11 thoughts on “How To Write Less Badly”

  1. As Jerry Pournelle has said for decades, aspiring authors should plan to throw away their first million words before mastering the craft and beginning to sell:

    http://www.jerrypournelle.com/slowchange/myjob.html

    That’s not to say that writing a million words will cause you to sell, but just that if you have the potential, you’ll still have to endure that grueling apprenticeship. Blogs and new media have changed this somewhat: it’s not just rejection slips any more; you can self-publish in a variety of venues and, if your work has merit, gain a following. This is a wonderful thing, especially as the legacy markets for entry-level fiction have been evaporating.

    John Scalzi has remarked that the reason that most novelists are older than artists in other media is that it takes them some time to write that million words that end up in the shredder (he didn’t put it precisely that way–I’m paraphrasing). I think he’s right.

    But the crucial thing in getting past the reader’s junk filter is getting the basics right–not just spelling and grammar but making characters believable and dialogue sound right–and that probably takes about a million words to perfect.

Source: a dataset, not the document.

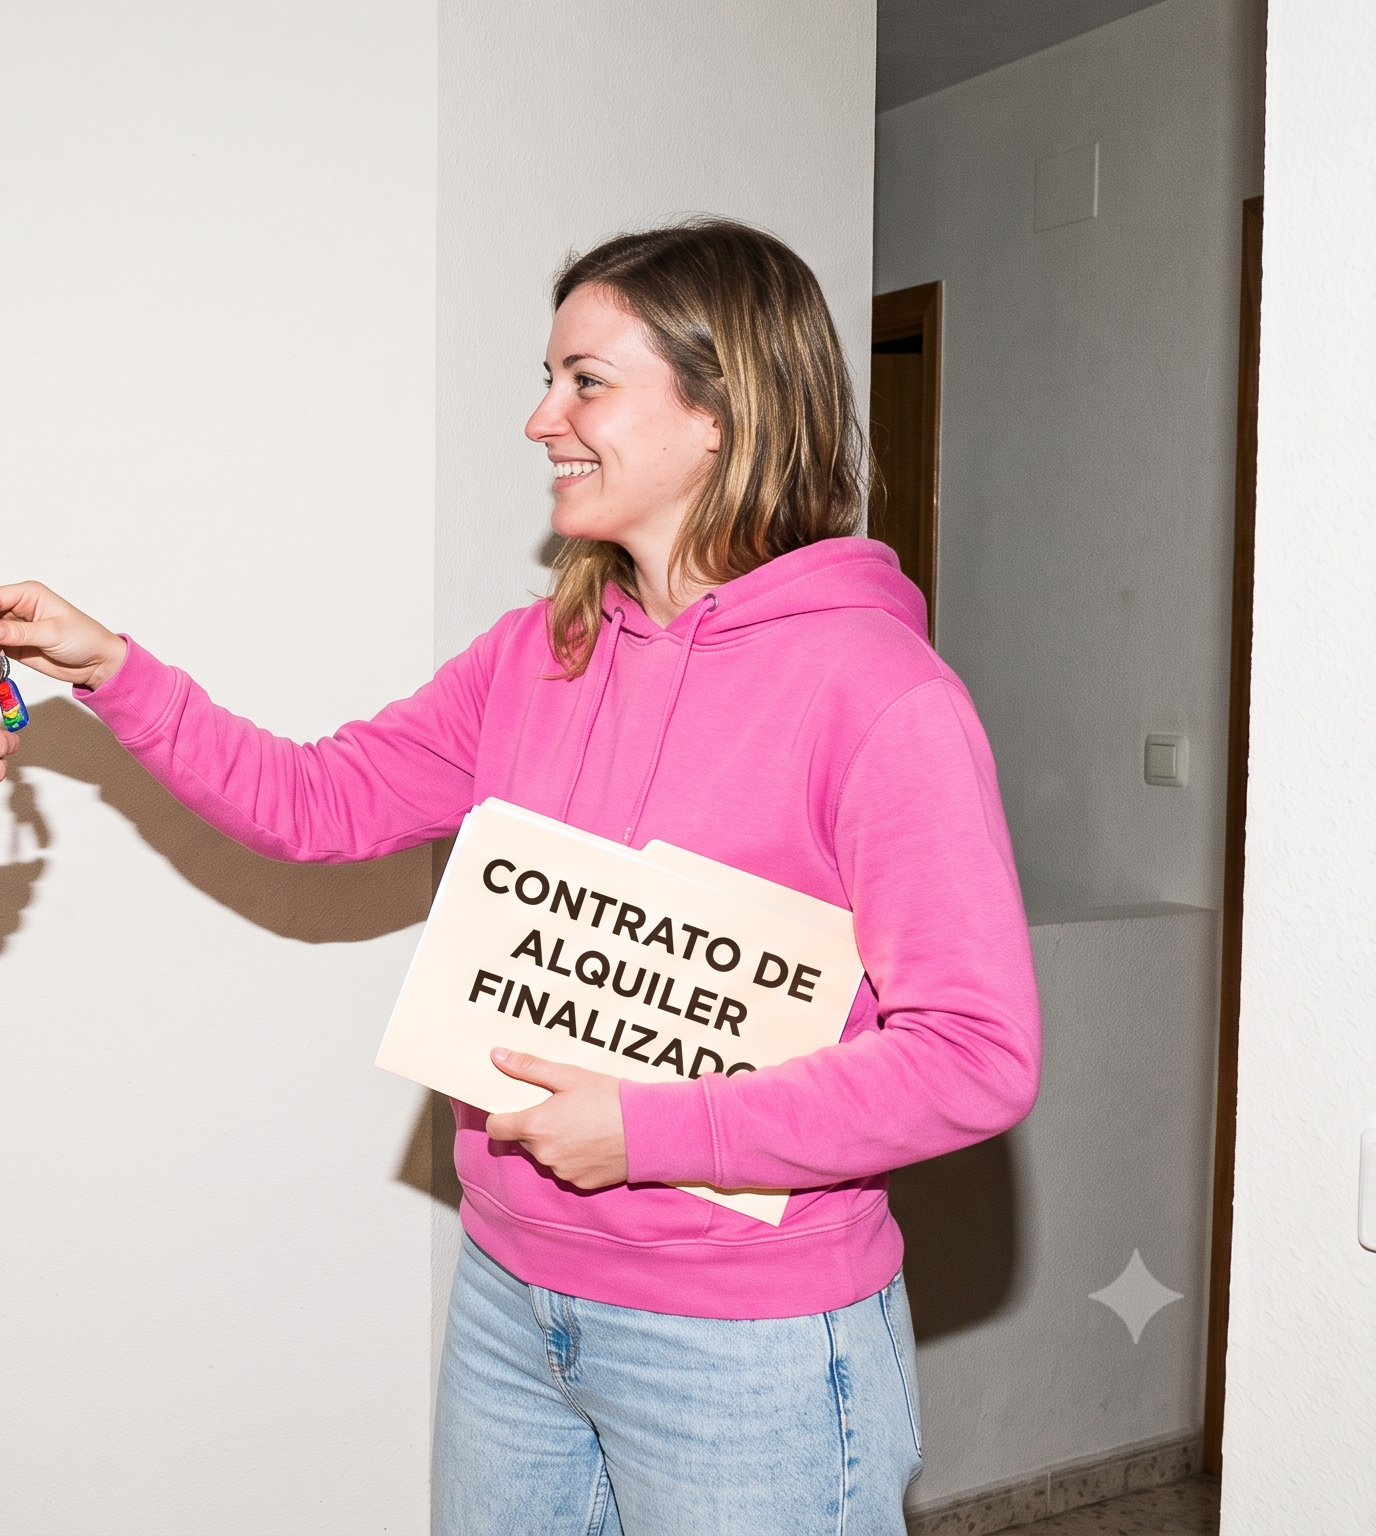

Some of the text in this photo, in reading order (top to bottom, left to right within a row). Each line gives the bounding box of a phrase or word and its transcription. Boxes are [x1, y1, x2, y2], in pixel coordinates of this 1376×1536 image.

[482, 858, 822, 1003] CONTRATO DE
[510, 928, 748, 1037] ALQUILER

  2. Excellent advice across the board. It rivals my own book on the subject, “How to Talk and Write English Good.”

    [Are you intimidated?]

  3. Frank Glover:

    My Momma has all manner of expressions, but two that I remember were “Frances” when she meant “for instance” and “that’s not funnymagee”, when she thought the tag line from the radio show “Fibber McGee and Molly” of “That’s not funny, McGee” was somehow a word in the English language.

    I guess Momma’s excuse is that English was her third language after Serbian and her native German.

    My parents were both immigrants into the English language of the Swing Era, but the Fibber McGee thing predates that. In the family, what we think happened, is that where Dad worked, the accountant was named McGee, and people like Dad had to turn their travel expense reports (Dad worked as a research engineer on government contracts requiring travel to job sites) over to Mr. McGee. I also think he parceled out the money to the various accounts and purposes whenever they got a goverment contract award.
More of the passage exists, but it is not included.